テロワールオブ西宇和
風土を肌で感じ、生産者と語り合うことの意義を実感。
急な斜面を埋め尽くすように広がる、みかん畑。太陽の光に照らされた橙色の実は、輝くように美しく、青く澄んだ空と感動的なコントラストを成しています。眼下には、どこまでも凪いだ紺碧の海。『西宇和みかん』は、ほかに類を見ない絶景の中で育ちます。このみかん畑を訪れたパティシエールが中村樹里子氏でした。
▶詳細は、未知の『西宇和みかん』デザートコースを創造するため。現地を巡って体感した、西宇和の風土、生産者の志。

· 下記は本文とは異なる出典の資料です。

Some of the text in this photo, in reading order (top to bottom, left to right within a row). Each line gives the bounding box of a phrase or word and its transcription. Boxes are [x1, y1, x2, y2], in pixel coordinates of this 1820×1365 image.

「それまで、みかん畑に行ったことがなかったので、本当に感動しました。こんな風に、みかんってなるんだなぁって。段々畑に、みかん色が一面に広がっていて、キレイでした」と中村氏。
『西宇和みかん』でフルコースを作る。
かつて『KIRIKO NAKAMURA』で、デザートだけのコース料理を提供し、世のグルマンを感動させた、中村氏の新たな挑戦。昨年末、期間限定で実現しました。クリエイションのヒントを得ようと西宇和も視察した中村氏。生産者と交流を深めることができ、『西宇和みかん』を作る喜び、苦労も知れたと振り返ります。

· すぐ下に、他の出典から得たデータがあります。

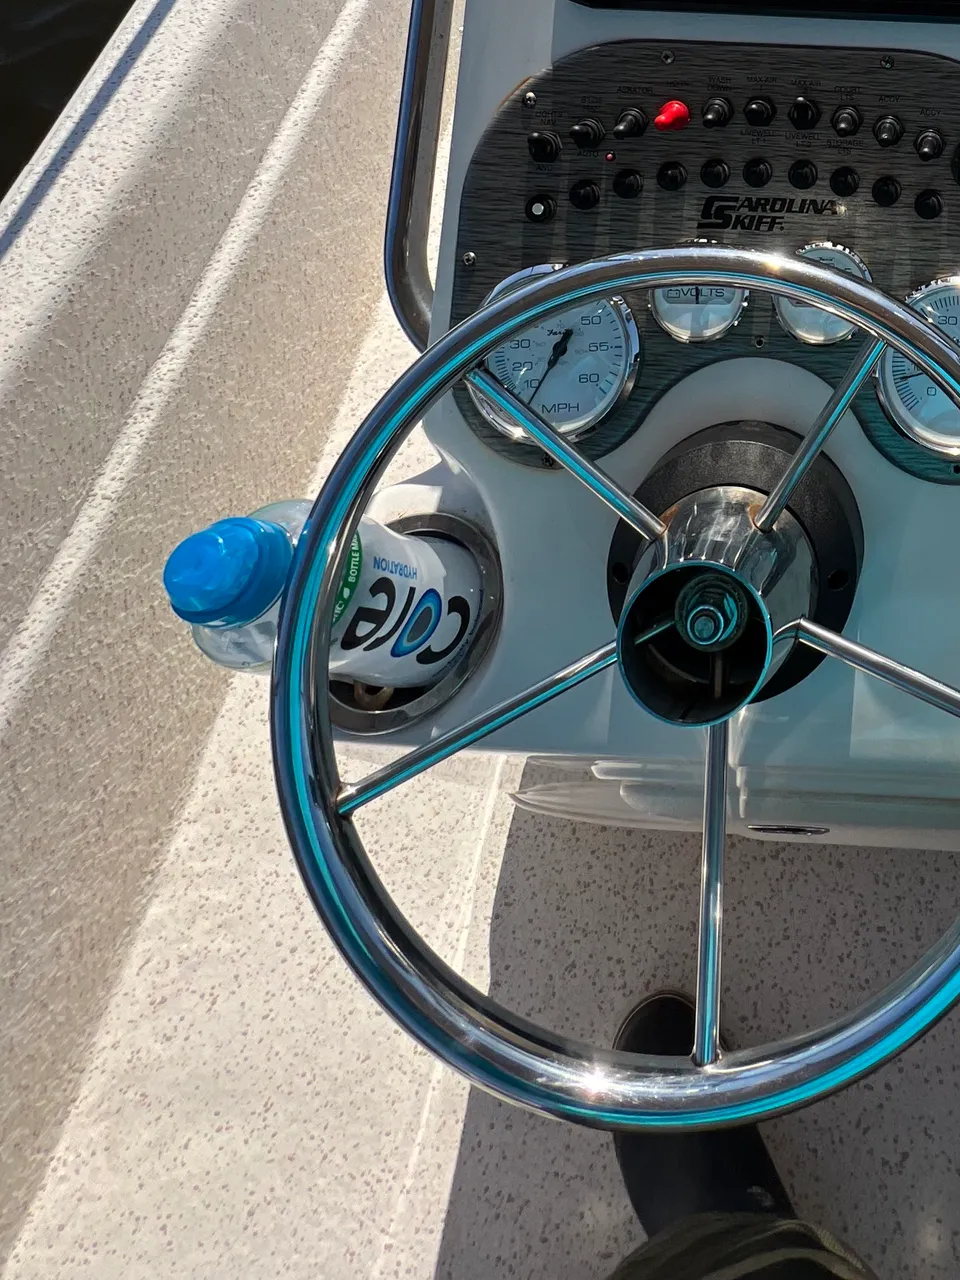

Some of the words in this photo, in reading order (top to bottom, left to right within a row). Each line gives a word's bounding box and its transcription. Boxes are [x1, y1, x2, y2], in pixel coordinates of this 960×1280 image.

[878, 95, 901, 103] ACCY
[920, 108, 942, 116] ACCY
[700, 195, 838, 220] CAROLINA
[580, 315, 602, 326] 50
[937, 315, 958, 326] 30
[509, 339, 531, 349] 30
[588, 341, 610, 352] 55
[512, 362, 533, 372] 20
[523, 378, 541, 390] 10
[578, 373, 600, 384] 60
[926, 386, 937, 397] 0
[541, 402, 580, 415] MPH
[347, 551, 361, 584] BOTTLE
[373, 556, 418, 581] HYDRATION

「ギュッと寒くなったとき、みかんの糖度が上がるのに、今年は昼夜の寒暖差があまりなく、苦労されているというお話でした。それと、印象深かったのは酸度のこと。酸味ってみかんにとって、とても大切で、酸度が上がらないと傷みやすくなるそう。そういうお話も聞けて良かった。みかんの成育には、水はけの良さが重要ということでしたけど、西宇和は段々畑になっていて、特に水はけがが良いということも、行ってみて実感できました。勉強になりました」
▶詳細は、TERROIR OF NISHIUWA/特徴的な地形が育む、伝統の西宇和みかんで進む、新たな価値観の創造。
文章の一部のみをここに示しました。